#### [PROBLEM STATEMENT]
Restate all entries exactly. Skip the images.

#### [TASK INPUTS]

★ ★ ★ ★ ★ ★ ★

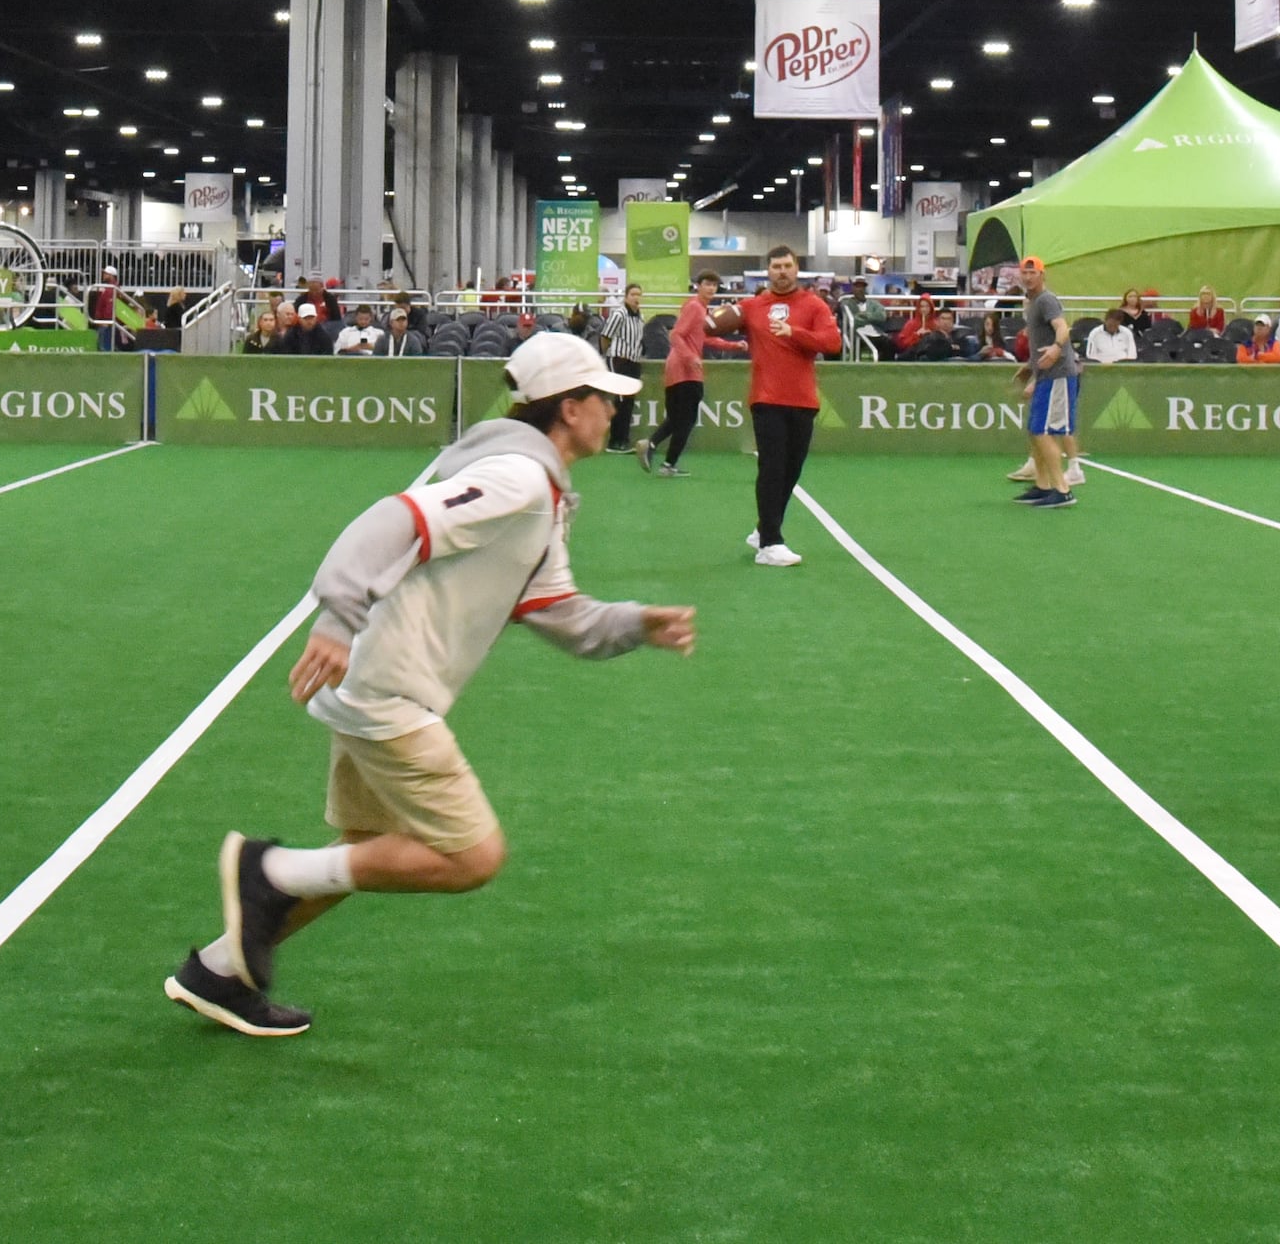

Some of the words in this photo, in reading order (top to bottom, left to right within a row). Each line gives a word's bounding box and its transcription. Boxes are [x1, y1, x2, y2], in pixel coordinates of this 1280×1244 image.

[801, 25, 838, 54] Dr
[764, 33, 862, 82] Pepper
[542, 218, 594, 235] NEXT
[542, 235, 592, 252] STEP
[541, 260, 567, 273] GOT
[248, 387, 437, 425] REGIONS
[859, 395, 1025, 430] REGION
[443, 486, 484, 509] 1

★ ★ ★ ★ ★ ★ ★

#### [RESPONSE AREA]
Some of the words in this photo, in reading order (top to bottom, left to right within a row). Each line gives a word's bounding box and its transcription. Boxes are [x1, y1, x2, y2], in pixel coordinates of this 1280×1244 image.

[801, 25, 838, 54] Dr
[764, 33, 862, 82] Pepper
[542, 218, 594, 235] NEXT
[542, 235, 592, 252] STEP
[541, 260, 567, 273] GOT
[248, 387, 437, 425] REGIONS
[859, 395, 1025, 430] REGION
[443, 486, 484, 509] 1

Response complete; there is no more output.